Global warming worse than feared

So proclaims New Scientist this week. Essentially, the argument put forward at a climate workshop in Berlin this week is that the particles in the atmosphere that block the sun's radiation have been much more effective that previously thought. As a result, the "real" global warming due to carbon dioxide and other gases has been much greater than we thought before. As levels of aerosols decline but greenhouse gas emissions continue to rise, temperatures will soar.

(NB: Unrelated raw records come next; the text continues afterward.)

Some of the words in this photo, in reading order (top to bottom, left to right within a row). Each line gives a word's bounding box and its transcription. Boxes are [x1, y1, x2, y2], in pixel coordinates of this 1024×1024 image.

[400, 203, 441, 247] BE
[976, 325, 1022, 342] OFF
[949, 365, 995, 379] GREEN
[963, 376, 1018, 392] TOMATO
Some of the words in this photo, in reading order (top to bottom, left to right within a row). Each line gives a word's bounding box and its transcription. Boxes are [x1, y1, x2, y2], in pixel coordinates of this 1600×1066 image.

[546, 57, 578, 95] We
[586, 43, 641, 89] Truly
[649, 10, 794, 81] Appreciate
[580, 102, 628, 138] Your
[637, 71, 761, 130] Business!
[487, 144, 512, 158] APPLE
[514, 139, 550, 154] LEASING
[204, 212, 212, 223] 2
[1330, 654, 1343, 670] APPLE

Which is great news for armageddon watchers, who have probably become a bit disappointed at the declining reaction to their threats of mass extinction if we fail to cut back on greenhouse gas emissions. Yet, there are an awful lot of assumptions made to get to the conclusion that temperature change is going to be this severe. Which makes this science a case of seeing what you want to see.

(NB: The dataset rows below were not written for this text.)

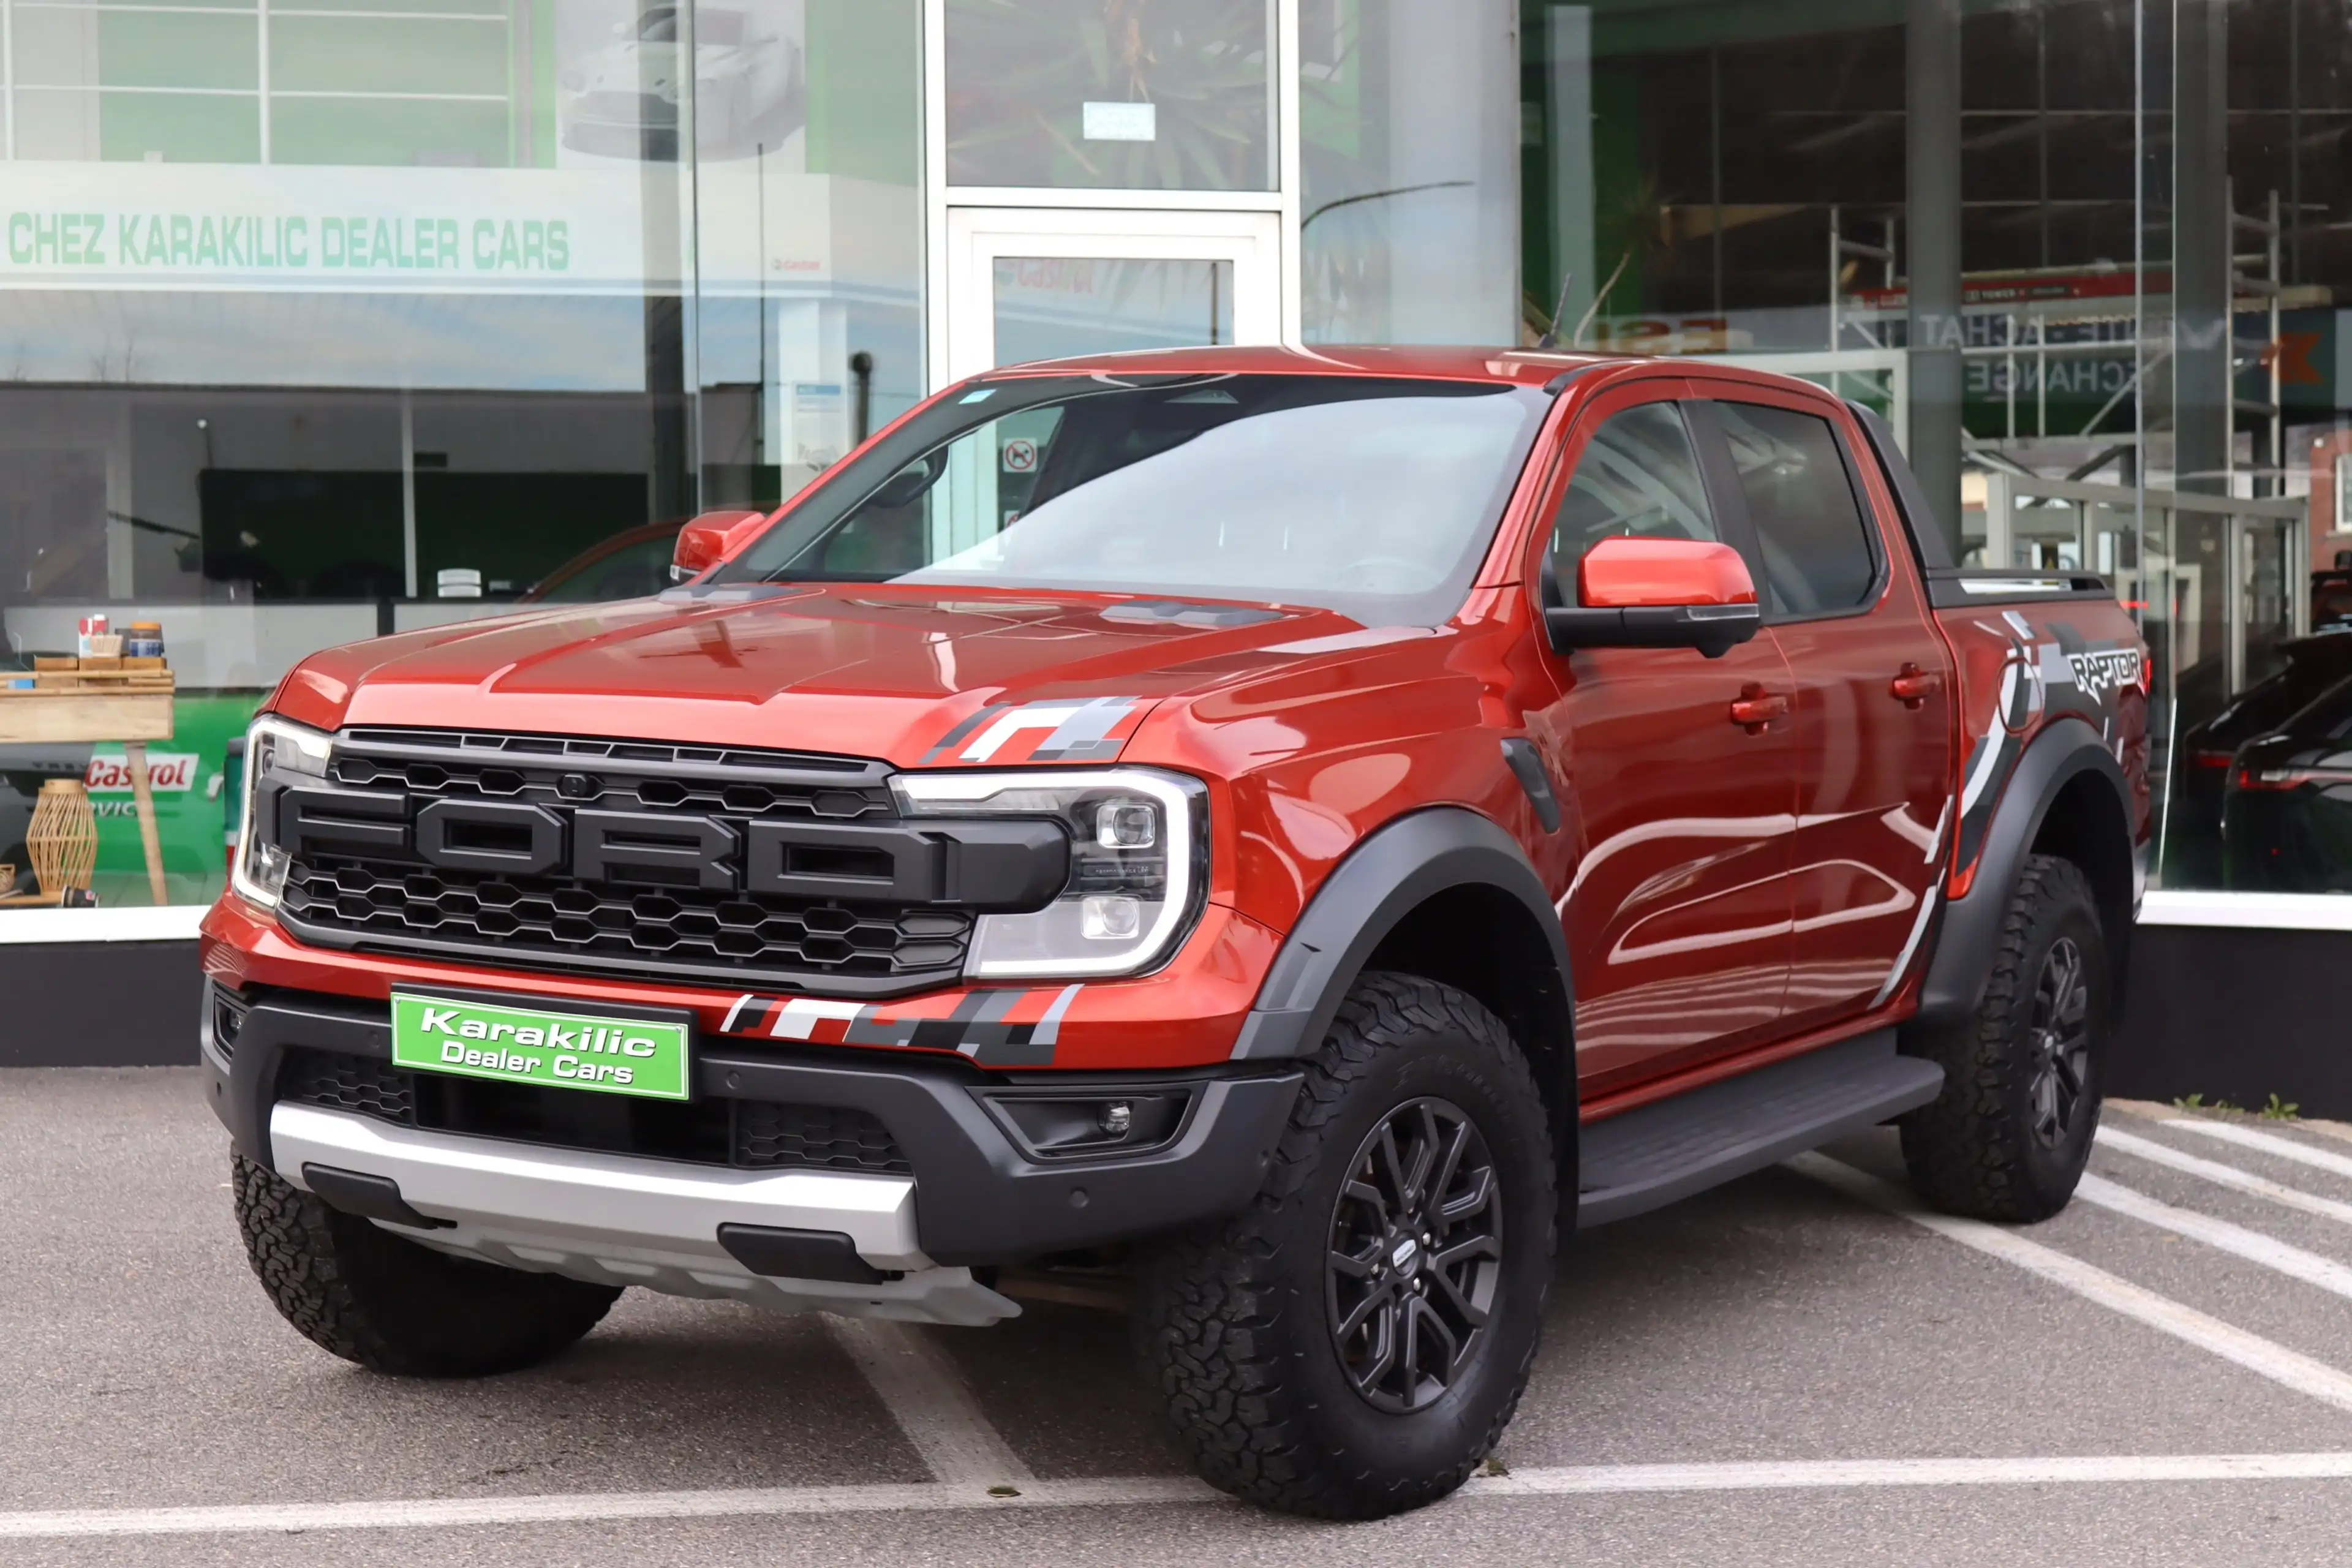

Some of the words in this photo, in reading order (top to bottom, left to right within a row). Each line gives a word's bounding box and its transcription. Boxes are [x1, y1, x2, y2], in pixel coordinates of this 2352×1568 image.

[8, 212, 105, 265] CHEZ
[119, 214, 308, 268] KARAKILIC
[321, 217, 460, 270] DEALER
[473, 219, 570, 271] CARS
[2067, 648, 2146, 706] RAPTOR
[85, 759, 187, 788] Casrol
[280, 785, 948, 903] FORD
[420, 1008, 657, 1057] Karakilic
[441, 1040, 541, 1073] Dealer
[552, 1055, 634, 1084] Cars

Global warming's sooty smokescreen revealed, New Scientist, 4 June 2003

Water crisis? What water crisis?

Today, I'm chairing a discussion on water access in the developing world, organised by the charity WORLDWrite. The discussion will be very topical, given that last Thursday was World Environment Day, and the UN made water access the centrepiece of the day.

There is a very conservative streak running through discussion of water access. Discussions invariably state that the world is using too much water and that many of the current sources of water are running out fast, particularly groundwater supplies in many rapidly expanding urban areas. In other parts of the world, water provision has never been good and isn't getting any better.

Yet, there is no absolute shortage of water in the world. How can there be, when two-thirds of the planet is covered in it? Nor is there any technical difficulty in getting clean water to people. All sorts of projects, big and small, show that water can be moved, collected, purified and desalinated, depending on the needs of the area concerned. The barrier is invariably poverty - or, at least, it has been up until now.

The trend is away from attempting development to conservation of water, using very small schemes that have little impact on local environments. But all such schemes can do is make more reliable the current levels of water provision. There is no possibility of them providing the levels of water that could qualitatively change the way people live. Meanwhile, big schemes like the Three Gorges project and the North-South project in China are condemned as ecologically unsustainable, as illustrated in New Scientist this week:

'[A] series of mega-projects [is] now being promoted from India to Spain to central Africa, aimed at replumbing the planet at costs that make even the largest dams look puny. We don't need these projects. It is increasingly clear that the real water problems around the world are about managing demand rather than boosting supply. They are about the failure to adopt even the most basic water conservation measures... the cheaper, more peaceful and more rational path leads in quite another direction.'

A human-centred vision of water provision would make sure that the needs of people came first. That means not just clean and reliable supplies of water, but in sufficient quantities to allow them convenient access and proper waste disposal. Why should people spend huge chunks of their lives just trying to supply their water needs?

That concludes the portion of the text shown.